[EXERCISE DATA Boundary: Start]

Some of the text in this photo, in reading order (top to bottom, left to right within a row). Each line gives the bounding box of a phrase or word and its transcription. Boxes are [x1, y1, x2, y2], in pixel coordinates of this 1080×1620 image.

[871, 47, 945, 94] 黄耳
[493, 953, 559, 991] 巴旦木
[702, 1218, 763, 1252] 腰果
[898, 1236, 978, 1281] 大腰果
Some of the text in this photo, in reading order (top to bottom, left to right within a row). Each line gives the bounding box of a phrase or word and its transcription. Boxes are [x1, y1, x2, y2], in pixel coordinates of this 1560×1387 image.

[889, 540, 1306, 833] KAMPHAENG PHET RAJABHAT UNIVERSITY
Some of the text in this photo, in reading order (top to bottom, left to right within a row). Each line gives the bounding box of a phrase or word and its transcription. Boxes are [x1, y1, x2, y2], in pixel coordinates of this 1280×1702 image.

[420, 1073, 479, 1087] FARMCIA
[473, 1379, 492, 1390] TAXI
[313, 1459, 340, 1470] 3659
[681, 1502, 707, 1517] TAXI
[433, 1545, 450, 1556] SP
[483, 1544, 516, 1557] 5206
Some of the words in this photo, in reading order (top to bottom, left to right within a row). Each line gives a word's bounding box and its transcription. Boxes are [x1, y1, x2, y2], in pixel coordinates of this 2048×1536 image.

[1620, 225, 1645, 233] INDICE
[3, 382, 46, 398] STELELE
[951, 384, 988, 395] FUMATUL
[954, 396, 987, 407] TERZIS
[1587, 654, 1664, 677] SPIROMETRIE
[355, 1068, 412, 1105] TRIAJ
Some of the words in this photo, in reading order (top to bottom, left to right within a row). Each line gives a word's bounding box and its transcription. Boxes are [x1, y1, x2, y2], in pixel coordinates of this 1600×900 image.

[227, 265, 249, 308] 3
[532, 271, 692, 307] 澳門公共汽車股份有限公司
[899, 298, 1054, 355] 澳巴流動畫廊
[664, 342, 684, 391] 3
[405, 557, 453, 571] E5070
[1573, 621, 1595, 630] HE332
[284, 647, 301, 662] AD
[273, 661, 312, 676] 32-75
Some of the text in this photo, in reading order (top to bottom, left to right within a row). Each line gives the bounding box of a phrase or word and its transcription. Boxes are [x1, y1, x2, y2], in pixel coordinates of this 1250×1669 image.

[EXERCISE DATA Boundary: End]

WHAT TO WORK ON >> Output nothing but the line containing "this 2048×1536 image." and each line after it in the entries above, exactly as written.

WRITTEN ANSWER >>
Some of the words in this photo, in reading order (top to bottom, left to right within a row). Each line gives a word's bounding box and its transcription. Boxes are [x1, y1, x2, y2], in pixel coordinates of this 2048×1536 image.

[1620, 225, 1645, 233] INDICE
[3, 382, 46, 398] STELELE
[951, 384, 988, 395] FUMATUL
[954, 396, 987, 407] TERZIS
[1587, 654, 1664, 677] SPIROMETRIE
[355, 1068, 412, 1105] TRIAJ
Some of the words in this photo, in reading order (top to bottom, left to right within a row). Each line gives a word's bounding box and its transcription. Boxes are [x1, y1, x2, y2], in pixel coordinates of this 1600×900 image.

[227, 265, 249, 308] 3
[532, 271, 692, 307] 澳門公共汽車股份有限公司
[899, 298, 1054, 355] 澳巴流動畫廊
[664, 342, 684, 391] 3
[405, 557, 453, 571] E5070
[1573, 621, 1595, 630] HE332
[284, 647, 301, 662] AD
[273, 661, 312, 676] 32-75
Some of the text in this photo, in reading order (top to bottom, left to right within a row). Each line gives the bounding box of a phrase or word and its transcription. Boxes are [x1, y1, x2, y2], in pixel coordinates of this 1250×1669 image.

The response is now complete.